Antes de começarmos a nossa degustação há que alertar que a escolha dos produtos é da inteira responsabilidade de Sandra que procura trazer para a mesa todo o “seu” Alentejo: o vinho sugerido é de Redondo, o queijo de Oriola, o azeite de uma pequena produção biológica de Vila Nova da Baronia, os legumes da horta de São Brás e por aí a fora.

Começando pelas entradas, o menu oferece: Choquinhos com maionese aioli, croquetes de alheira e cebola, queijo de cabra no forno com mel e lavanda, tempura de legumes, pica-pau de porco e pickles e ainda no couvert provámos uma manteiga de farinheira que ansiámos que ficasse disponível para comercialização. “Era um dos nossos objetivos ter aqui uma pequena mercearia com produtos que as pessoas provassem e quisessem levar”, conta Sandra.

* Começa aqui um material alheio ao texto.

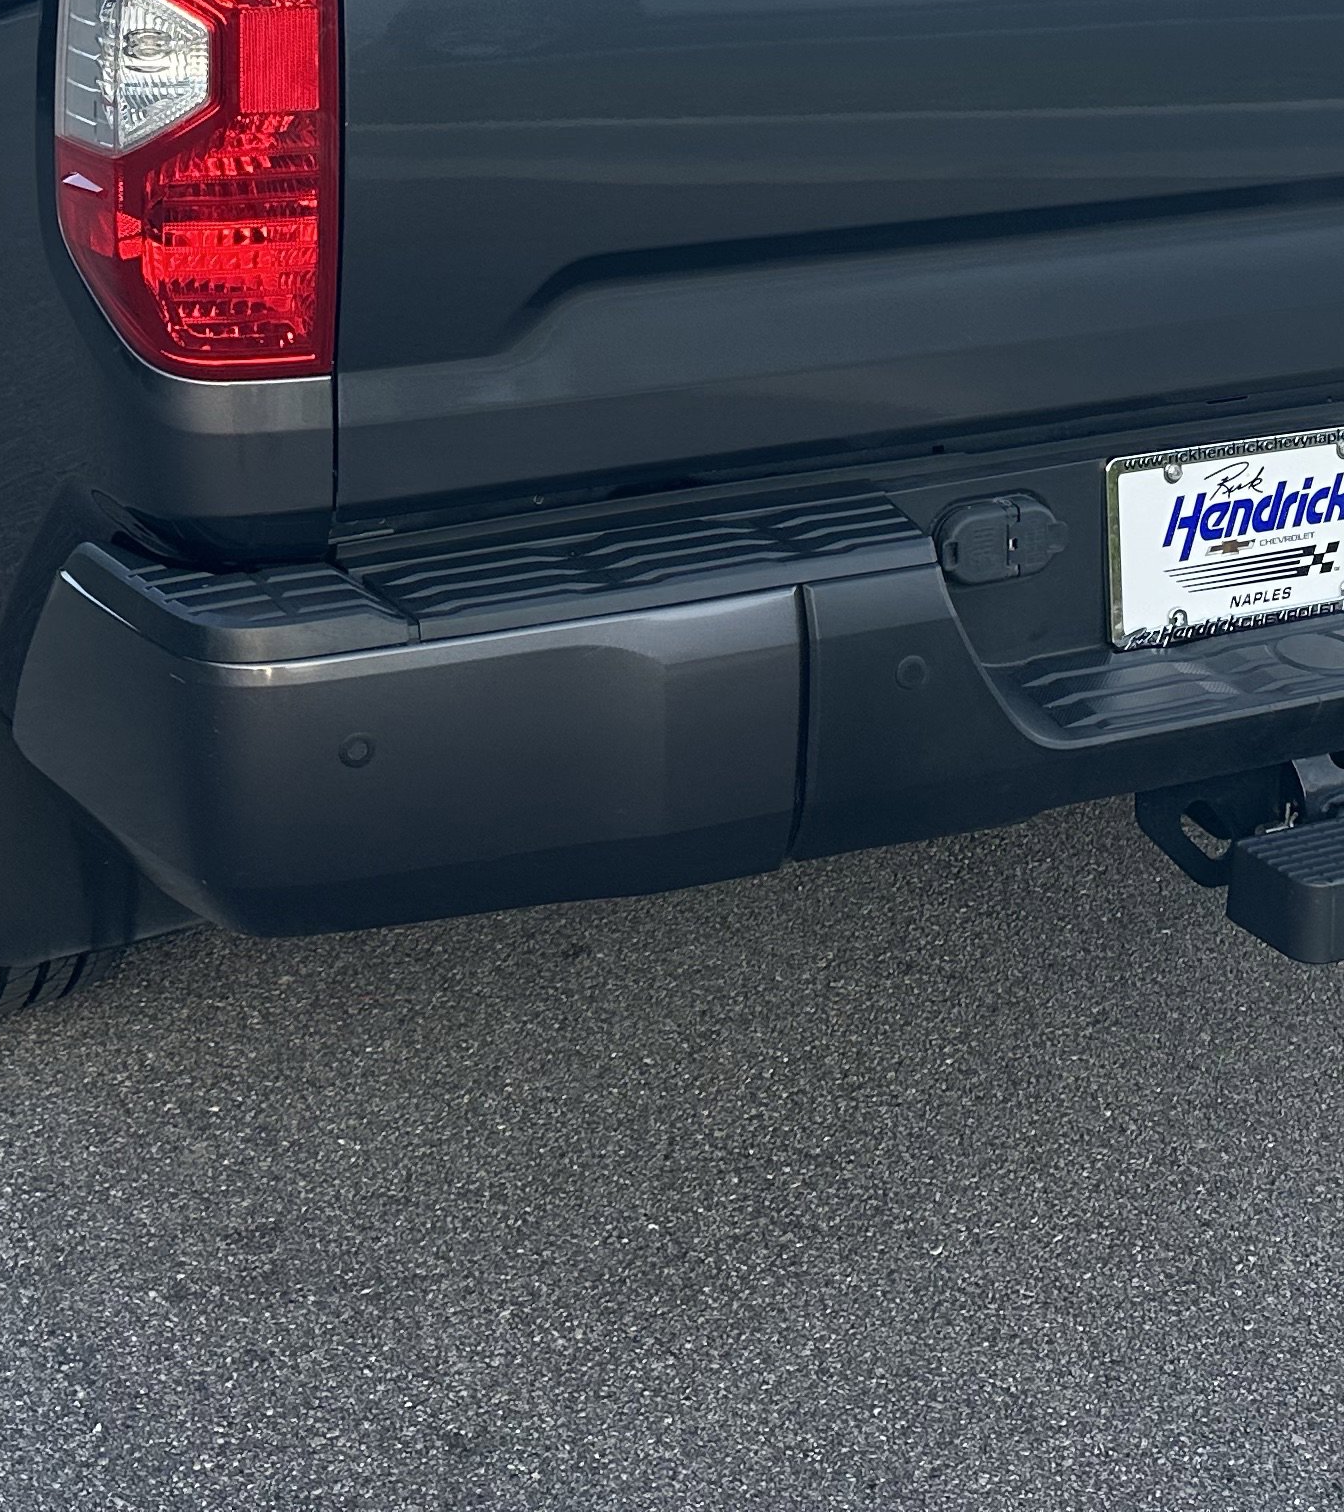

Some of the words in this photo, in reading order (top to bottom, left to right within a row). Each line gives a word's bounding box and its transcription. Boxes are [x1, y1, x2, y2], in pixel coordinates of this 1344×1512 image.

As últimas estações do ano convidam a uma sopa quente e, por isso, não faltam no menu a sopa de cação, sopa de feijão e mogango e a típica Açorda de Bacalhau.

Para pratos principais o menu propõe javali em vinho tinto, bacalhau, suas miudezas e leguminosas, mas a chef destaca o cação frito com amêijoas (uma réplica muito curiosa da carne de porco à alentejana) e a presa de porco alentejano fumado com gratin de batata. “O nosso fornecedor de carne é espetacular. A presa é a parte mais nobre do porco, é fumada 72 horas e depois vai ao sous-vide para regenerar e é um prato com muita qualidade”, partilha.

A sustentabilidade é um dos valores de Sandra, que está desde sempre habituada a aproveitar o que a terra lhe dá. “Eu trabalho muito com produtos da época e dá-me muito gozo sair daqui [restaurante], ir ali à horta apanhar algo e vir trabalhar esse produto”, conta-nos a propósito da salada de época que estava a fazer com as abóboras e romãs da horta.

Não nos pudemos despedir de “O Regedouro” sem antes conhecer uma das sobremesas mais tradicionais: a sericaia alentejana com ameixa d’Elvas, mas quem for ao restaurante poderá também provar a Panacotta de Chocolate Branco e o Bolo de Requeijão com Lúcia-Lima.

O restaurante está aberto de quarta-feira a sexta para jantares, sábado para almoços e jantares e domingo apenas para almoço.

Foi de alma cheia que saímos da aldeia com vontade de regressar. Não deixámos o parque de estacionamento, que Maria tanto gosta de ver cheio, sem antes sermos cumprimentados pelo sino da igreja que não se esquece de quem vive na aldeia, e de lhe marcar o tempo. E se na partida, Lena D’Água dizia que havia tanto campo nela, desta visita, também ficou muito campo em nós.